A soft laugh escaped him. “Very well, then. No kissing. Although I could accuse you of sending mixed messages, considering the way you’re dressed.”
She glanced down at the sweater and jeans she’d tossed on after leaving the animal hospital. The sweater was cashmere and the jeans were her favorite pair, perfectly worn and soft. But nothing about either article of clothing screamed kiss me. “What’s wrong with the way I’m dressed?”
“Absolutely nothing.” He dipped his head and let his lips barely graze the sensitive skin of her neck.
She held her breath and willed herself not to react.
“It’s just that every time I’ve seen you, you’ve been wearing the Mezzanotte color,” he murmured. “It’s beginning to bring out a rather predatory feeling in me.”
“The Mezzanotte color?” She laughed. “You’re a family, not a sports team. What in the world are you talking about?”
He ran his fingertips up and down her arm. “Surely an Italian girl like you knows what Mezzanotte means.”
She had to think about it for a second. All her life, the name had been synonymous with the very worst sort of evil. She’d never actually thought about the literal translation.
Mezzanotte.
Midnight.
Visions of a moonlit vineyard danced in Juliet’s head. She squeezed her eyes shut. “It means midnight, doesn’t it?”
“Yes.” He ran a fingertip up and down the deep blue cashmere of her sleeve.
Midnight-blue. It had always been her favorite color. Her subconscious clearly had a twisted sense of humor. “I suppose I’ll have to rethink my wardrobe.”
“Don’t stop wearing it on my account. It suits you.” He gathered a pinch of cashmere in his fingers.
Juliet swallowed. “It does?”
“Very much,” he all but growled.
The balloon operator cleared his throat. Thank goodness. Juliet had forgotten he was even there. She’d forgotten pretty much everything except Leo.
And how very much she needed his lips on hers.
Except that wasn’t what she needed at all, was it? Wanted, perhaps, but definitely not needed.
What she really needed was to get her head out of the clouds. It was one thing to feel a physical connection to Leo. After what had transpired in
the vineyard...and beyond...she couldn’t exactly deny that there was something between them. Heat. Passion. Desire. But it was another thing entirely to entertain the notion that she might be developing real feelings for him.
Nothing so drastic as love. Obviously. Not even close. But definitely a feeling that went beyond mere tolerance, which in itself would have been scandalous with regard to a Mezzanotte. Ever since she’d watched him carry Cocoa into the vet clinic like some kind of animal-loving superhero, she couldn’t deny that there was an inkling of something more than heat simmering beneath the surface.
She shook her head. It was impossible. Downright unthinkable.

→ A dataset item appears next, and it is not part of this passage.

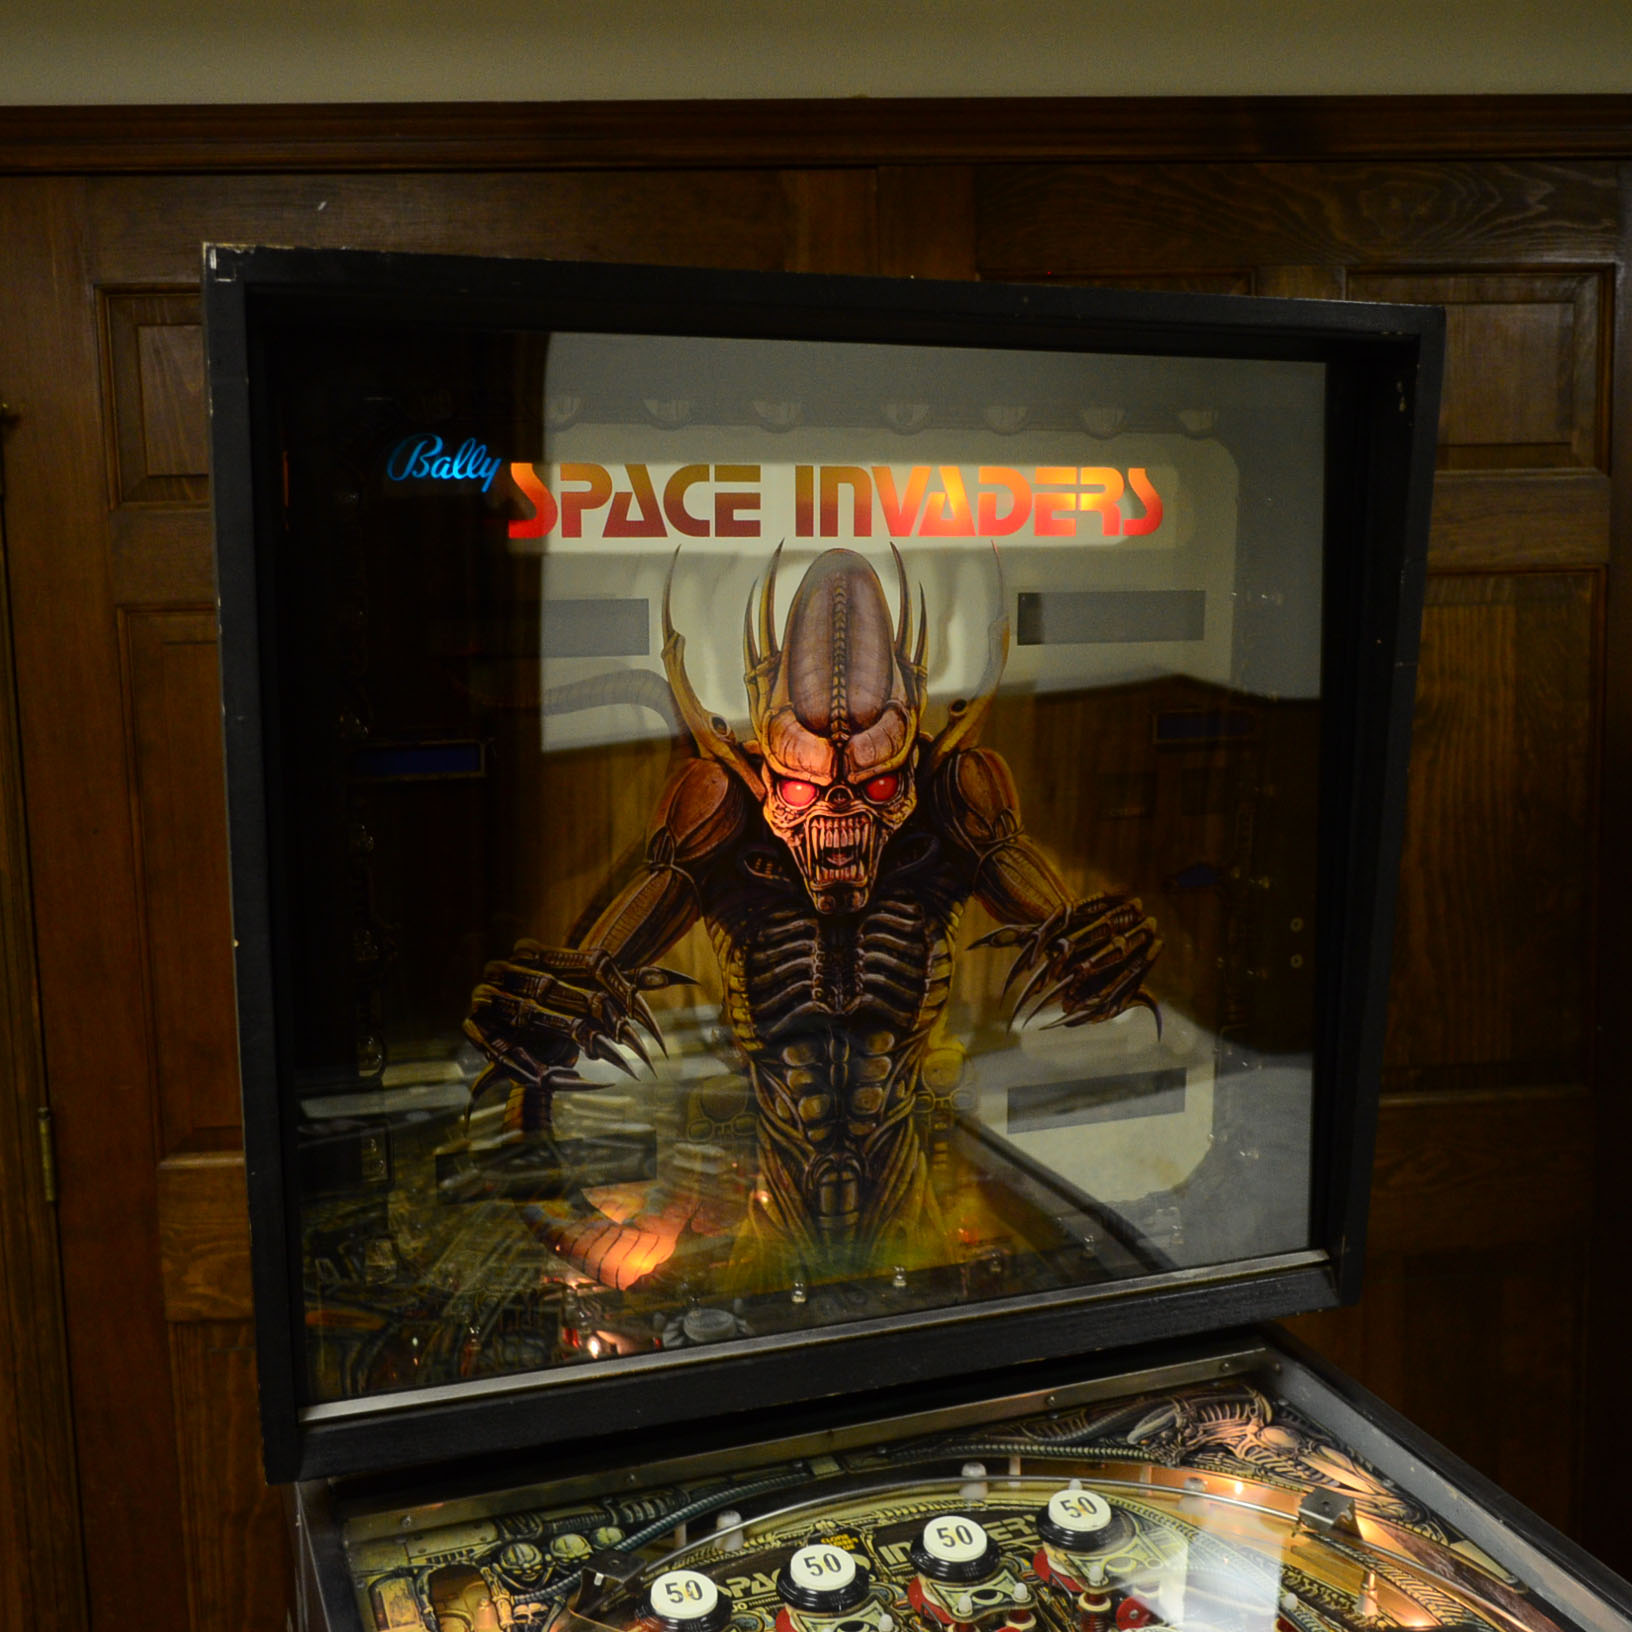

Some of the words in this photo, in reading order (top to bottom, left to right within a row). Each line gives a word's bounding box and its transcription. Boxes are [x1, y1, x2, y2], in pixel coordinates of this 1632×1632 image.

Then why was she thinking about it?
She swallowed a gulp of champagne and took in the panoramic view of the valley’s rolling green hills, the rich, clay-colored earth and the soft light of the rising sun, bathing the grand estates of the vineyards below in a warm, dreamy glow. Around them, other brightly colored balloons drifted on the wind, as graceful and weightless as feathers. It was breathtaking. All of it. The view, the champagne.
The company.
How exactly was she supposed to get her head out of the clouds when she could practically reach out and touch them?

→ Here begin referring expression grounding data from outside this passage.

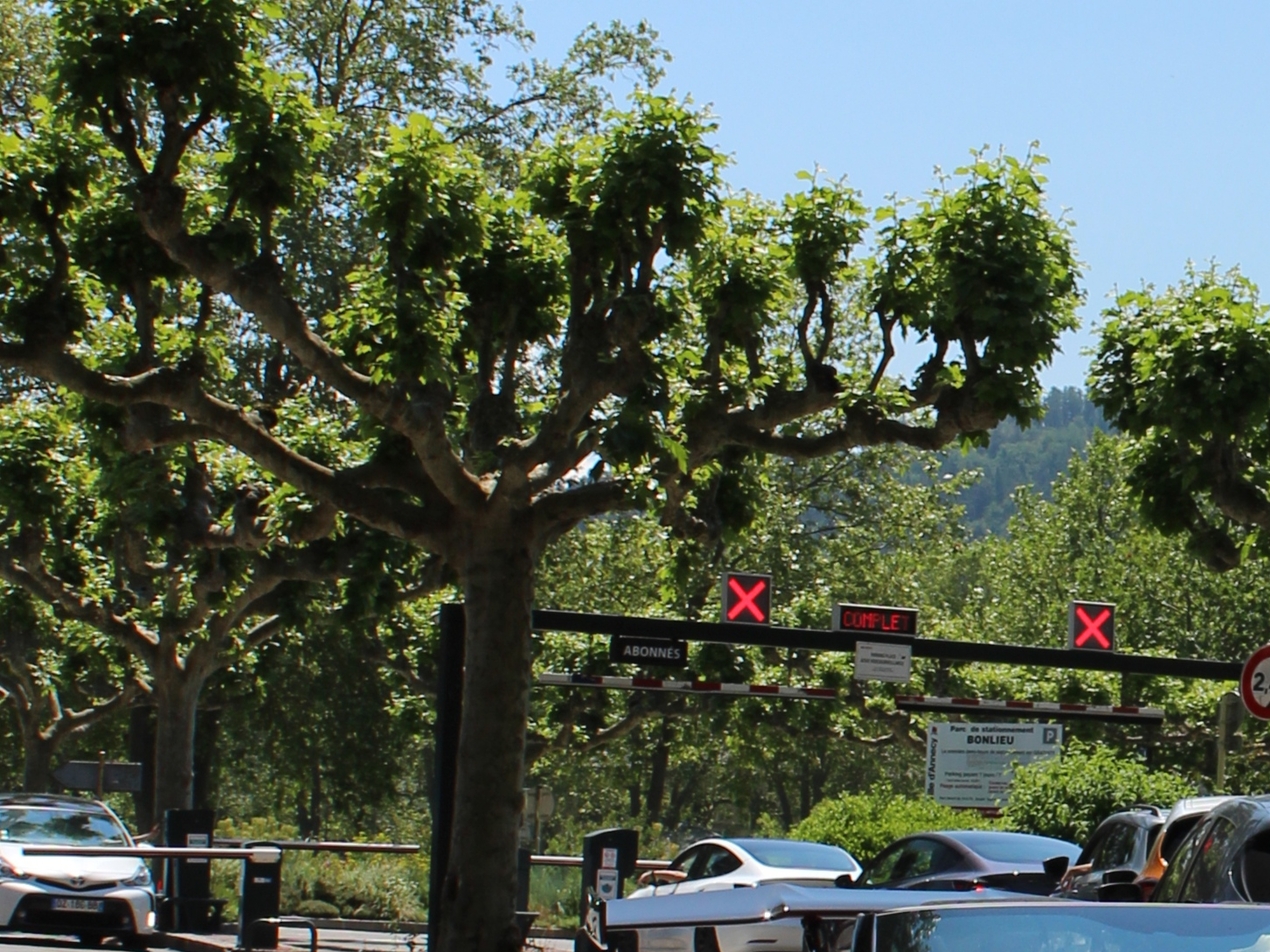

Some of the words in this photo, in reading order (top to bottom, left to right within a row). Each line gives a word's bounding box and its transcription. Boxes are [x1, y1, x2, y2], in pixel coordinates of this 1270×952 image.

[843, 610, 910, 632] COMPLET
[623, 645, 681, 660] ABONNÉS
[950, 725, 966, 733] Parc
[970, 725, 980, 733] de
[981, 726, 1034, 734] stationnement
[966, 735, 1015, 745] BONLIEU

Think about something else. Anything else.
She took another swig and blurted the least romantic thing that popped into her head. “George.”

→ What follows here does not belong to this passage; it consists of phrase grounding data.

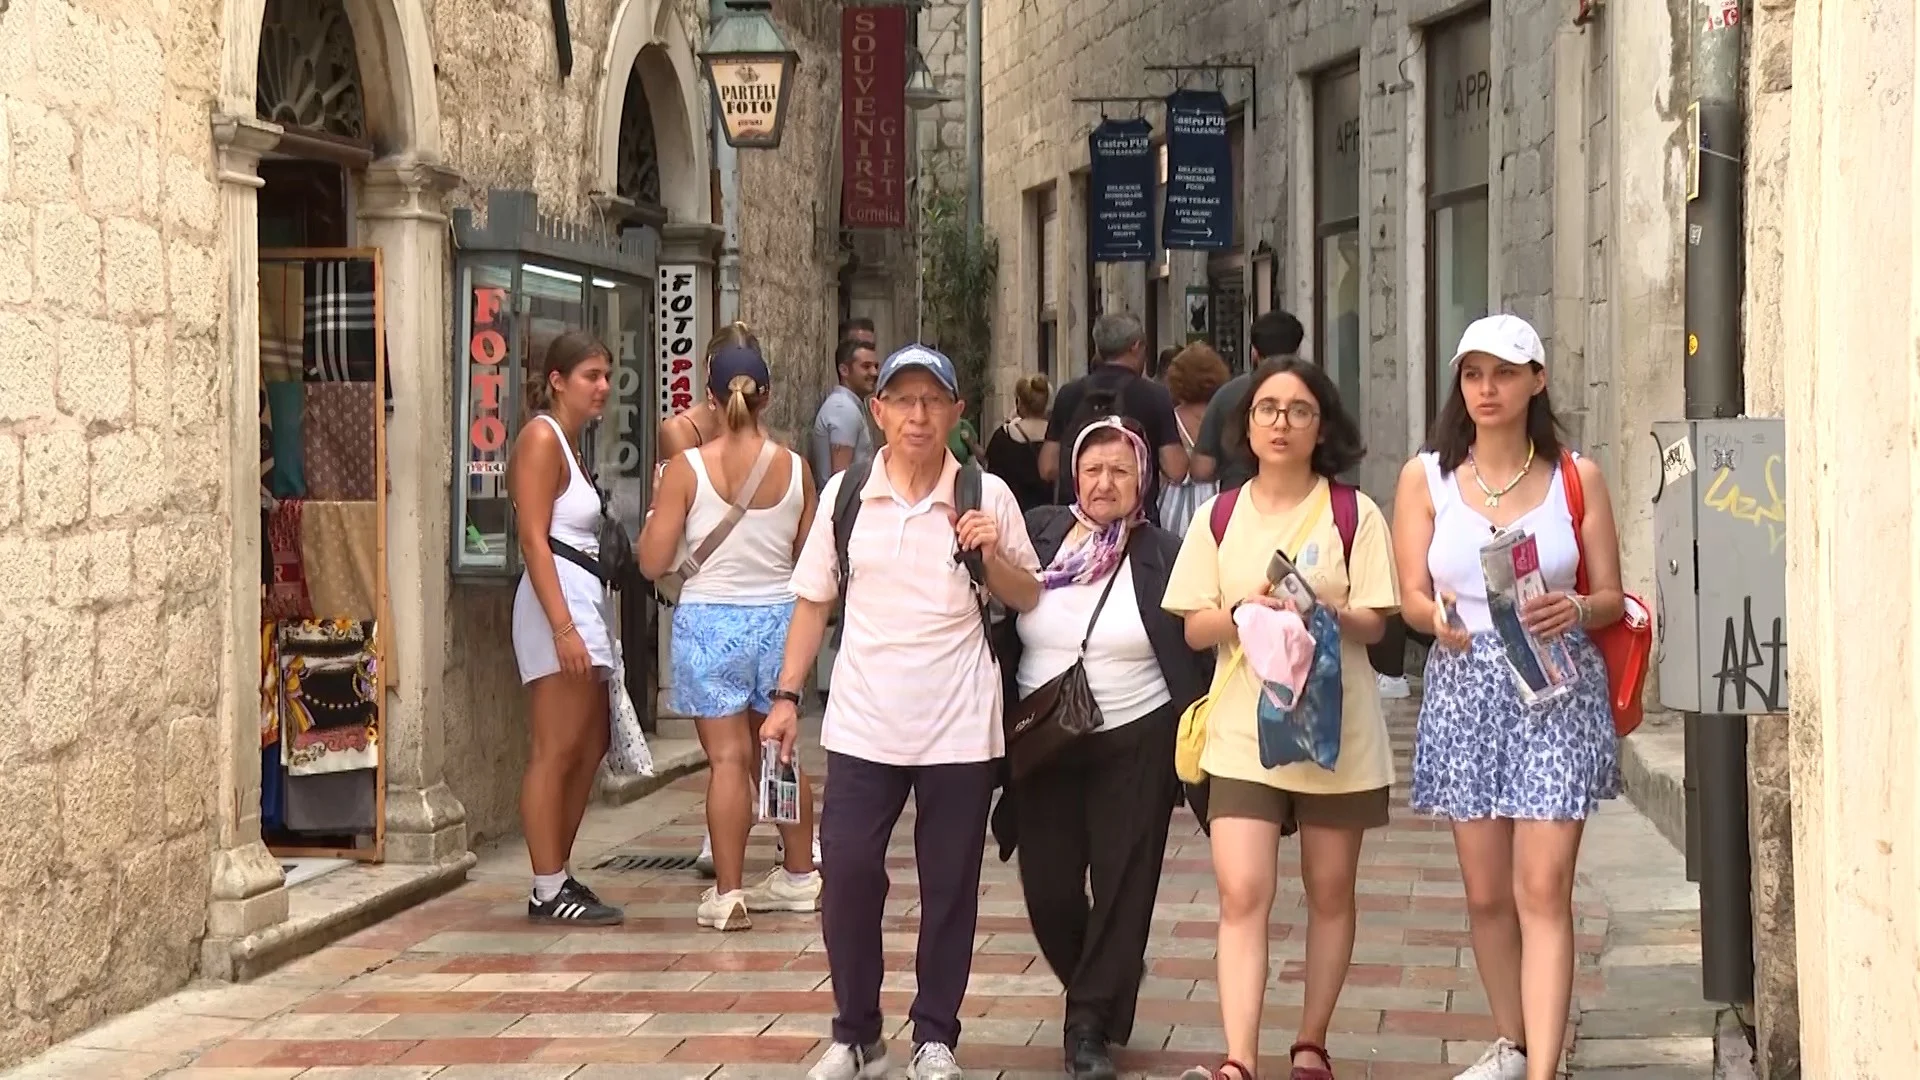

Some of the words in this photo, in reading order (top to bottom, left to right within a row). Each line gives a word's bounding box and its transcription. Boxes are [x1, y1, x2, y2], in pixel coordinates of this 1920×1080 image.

[721, 84, 776, 100] PARTELI
[726, 101, 772, 115] FOTO
[851, 13, 877, 199] SOUVENIRS
[878, 116, 898, 197] GIFT
[848, 203, 900, 223] Cornelia
[470, 288, 508, 451] FOTO

Leo’s arms stiffened around her. “No. I’m Leo. Leo Mezzanotte. Surely you haven’t forgotten. We just had an entire conversation about my last name.”
“I know perfectly well who you are.” As if she could forget that particular detail.
She spun around to face him. Maybe if she turned her back on the romantic view, she could get through the remainder of the balloon ride without growing weak in the knees.
Then again, maybe not. Leo’s eyes flashed and grew darker, dangerous, until they were a fitting shade of midnight-blue. The mention of George had clearly stirred something proprietary in him, just as it had at the Mezzanotte Ball.